The wide green link off the bottom is is the external I/O, basically the connection to the chipset, one per socket. Actually, since you can “ungang” the 16-bit HT link into two 8-bit HT links, you could theoretically put two chipsets off of one socket. That said, this is very unlikely to happen, it is much easier to add one off each socket.
This link is non-coherent HT (ncHT), meaning that it can’t be used for CPU to CPU interconnects. All of the other links, blue and grey are cache-coherent HT (ccHT). If you are sharp eyed, you will notice that the blue ccHT links between the dies on package are different widths.
The ‘extra’ link is extra for a good reason, but more on this later. AMD added it to the mix because it could, more or less for free. It increased the bandwidth between the cores by 50%, but real world performance does not go up by much because the cores are rarely bandwidth bound.
Of more interest is that, because these dies are soldered to the package, not run through a socket, they are of a set length and made of known materials. AMD took some liberties here, basically because it can keep tolerances much tigher; it upped the bandwidth on these links a lot. Unfortunately, AMD did not say how much. The links are ccHT like all the other, just notably faster and likely lower latency as well.

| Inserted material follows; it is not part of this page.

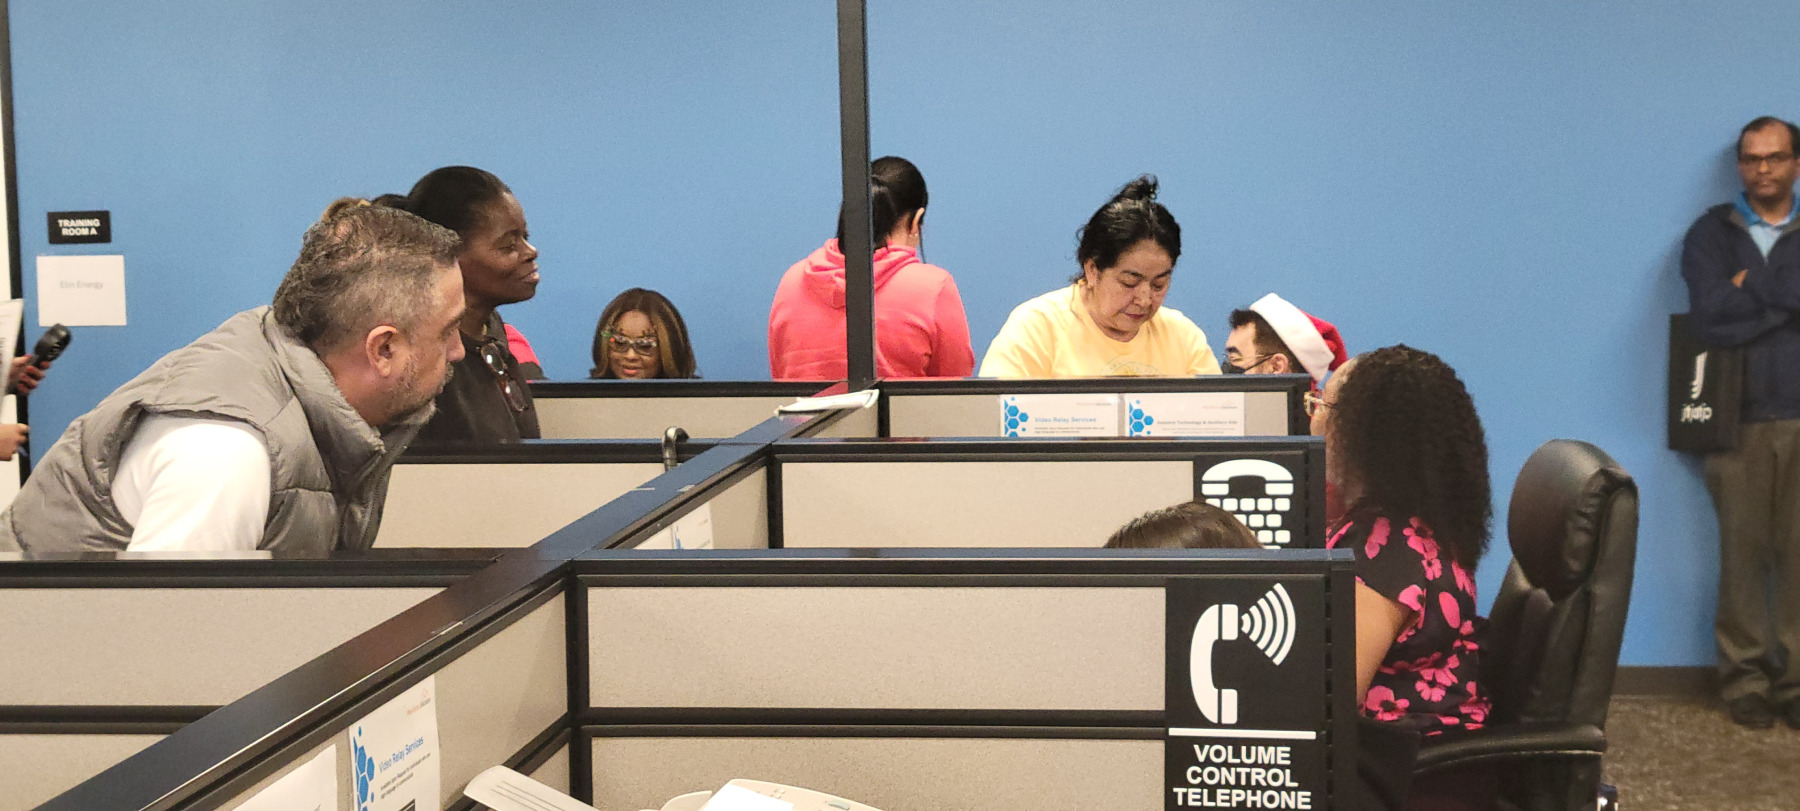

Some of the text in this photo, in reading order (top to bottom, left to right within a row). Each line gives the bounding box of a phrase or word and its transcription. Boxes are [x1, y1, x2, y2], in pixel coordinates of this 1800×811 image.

In a four socket system using the ‘old way’ AMD did things, that is, a square, two of these three links were used to connect the chips to the two neighbors. A chip in the top left would be connected to the one on the right, and the one below, but not the socket diagonally across. The third was not used.
Diagonal connections could be done, but rarely if ever actually were done. The third ccHT connection was used to connect two 4-way squares to make an 8-way system. While this was a good thing for packing more CPUs into a box, it was hobbled by the latency caused by multiple hops across HT links. CPU 0 loading from CPU 7’s memory might need four hops to get to the data and four hops to get back. Add in cache coherency, and you had those hops taking the whole system to its knees.
The way around this is to directly connect each socket to every other one in the system. On a two socket box, that is easy, you just connect point A to point B. On a four socket, you make a square with an X in the middle, exactly what AMD traded off to allow for eight sockets on socket F and before.
With the new socket G34, AMD did just that. The grey 8-bit ccHT link is basically a diagonal link, the X in the square. If there was only one die in each socket, that would work wonderfully, problem solved! Unfortunately, G34 has two dies per socket, and they are connected to the two dies in the other socket using one of those 8-bit links per die.
On a two socket system, the links directly between the dies are 16-bit and the ones going diagonally are 8-bit. Since there are two full ccHT links per die, there are four per socket to connect everything on a four socket system. To connect between sockets, you don’t need the full bandwidth that a 16-bit HT links brings.
In the end, each socket is connected to every other socket directly, but every die is only connected to every other die on a two socket system. The worst case in G34 is to have any die two hops away from any other die. It all looks like this.
Socket diagrams for two and four sockets
If you think this looks like a mess, then send flowers to the AMD engineers who had to write the routing algorithms to make it all work, and work perfectly. On a more theoretical level, the 2-way G34 is the same as the older socket F 4-way with a cross connect. The G34 4-way is like the 2-way, but extended into the Z-plane.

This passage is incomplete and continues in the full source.